Aim of the exercise: Read the data that follows. Then repeat it exactly.

Material shown:
+---+

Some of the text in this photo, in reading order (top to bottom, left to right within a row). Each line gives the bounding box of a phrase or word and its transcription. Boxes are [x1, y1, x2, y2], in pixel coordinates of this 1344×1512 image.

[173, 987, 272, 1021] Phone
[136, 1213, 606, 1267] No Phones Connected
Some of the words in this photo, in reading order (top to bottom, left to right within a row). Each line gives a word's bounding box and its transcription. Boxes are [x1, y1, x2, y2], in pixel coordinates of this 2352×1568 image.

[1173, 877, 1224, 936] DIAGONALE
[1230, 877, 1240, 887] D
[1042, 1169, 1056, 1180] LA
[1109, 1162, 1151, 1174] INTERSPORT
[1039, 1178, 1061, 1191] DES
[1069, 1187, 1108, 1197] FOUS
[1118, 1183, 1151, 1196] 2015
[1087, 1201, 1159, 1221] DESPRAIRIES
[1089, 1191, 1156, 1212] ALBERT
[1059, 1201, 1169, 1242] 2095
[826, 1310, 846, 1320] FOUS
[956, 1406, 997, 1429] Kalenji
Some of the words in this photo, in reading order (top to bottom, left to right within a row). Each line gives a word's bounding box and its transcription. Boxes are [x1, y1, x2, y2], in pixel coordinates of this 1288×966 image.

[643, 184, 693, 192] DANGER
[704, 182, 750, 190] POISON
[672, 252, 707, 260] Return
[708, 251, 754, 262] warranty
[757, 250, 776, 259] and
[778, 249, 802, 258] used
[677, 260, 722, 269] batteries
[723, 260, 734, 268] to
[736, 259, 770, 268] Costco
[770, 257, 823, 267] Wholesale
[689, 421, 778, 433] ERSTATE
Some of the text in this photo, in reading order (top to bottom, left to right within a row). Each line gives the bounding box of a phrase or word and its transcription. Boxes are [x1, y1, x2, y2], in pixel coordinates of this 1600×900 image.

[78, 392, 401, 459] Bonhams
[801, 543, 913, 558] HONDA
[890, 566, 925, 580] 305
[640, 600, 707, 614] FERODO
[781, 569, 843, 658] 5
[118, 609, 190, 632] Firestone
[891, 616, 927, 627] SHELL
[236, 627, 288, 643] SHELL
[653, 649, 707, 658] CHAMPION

+---+

Your solution:
Some of the text in this photo, in reading order (top to bottom, left to right within a row). Each line gives the bounding box of a phrase or word and its transcription. Boxes are [x1, y1, x2, y2], in pixel coordinates of this 1344×1512 image.

[173, 987, 272, 1021] Phone
[136, 1213, 606, 1267] No Phones Connected
Some of the words in this photo, in reading order (top to bottom, left to right within a row). Each line gives a word's bounding box and its transcription. Boxes are [x1, y1, x2, y2], in pixel coordinates of this 2352×1568 image.

[1173, 877, 1224, 936] DIAGONALE
[1230, 877, 1240, 887] D
[1042, 1169, 1056, 1180] LA
[1109, 1162, 1151, 1174] INTERSPORT
[1039, 1178, 1061, 1191] DES
[1069, 1187, 1108, 1197] FOUS
[1118, 1183, 1151, 1196] 2015
[1087, 1201, 1159, 1221] DESPRAIRIES
[1089, 1191, 1156, 1212] ALBERT
[1059, 1201, 1169, 1242] 2095
[826, 1310, 846, 1320] FOUS
[956, 1406, 997, 1429] Kalenji
Some of the words in this photo, in reading order (top to bottom, left to right within a row). Each line gives a word's bounding box and its transcription. Boxes are [x1, y1, x2, y2], in pixel coordinates of this 1288×966 image.

[643, 184, 693, 192] DANGER
[704, 182, 750, 190] POISON
[672, 252, 707, 260] Return
[708, 251, 754, 262] warranty
[757, 250, 776, 259] and
[778, 249, 802, 258] used
[677, 260, 722, 269] batteries
[723, 260, 734, 268] to
[736, 259, 770, 268] Costco
[770, 257, 823, 267] Wholesale
[689, 421, 778, 433] ERSTATE
Some of the text in this photo, in reading order (top to bottom, left to right within a row). Each line gives the bounding box of a phrase or word and its transcription. Boxes are [x1, y1, x2, y2], in pixel coordinates of this 1600×900 image.

[78, 392, 401, 459] Bonhams
[801, 543, 913, 558] HONDA
[890, 566, 925, 580] 305
[640, 600, 707, 614] FERODO
[781, 569, 843, 658] 5
[118, 609, 190, 632] Firestone
[891, 616, 927, 627] SHELL
[236, 627, 288, 643] SHELL
[653, 649, 707, 658] CHAMPION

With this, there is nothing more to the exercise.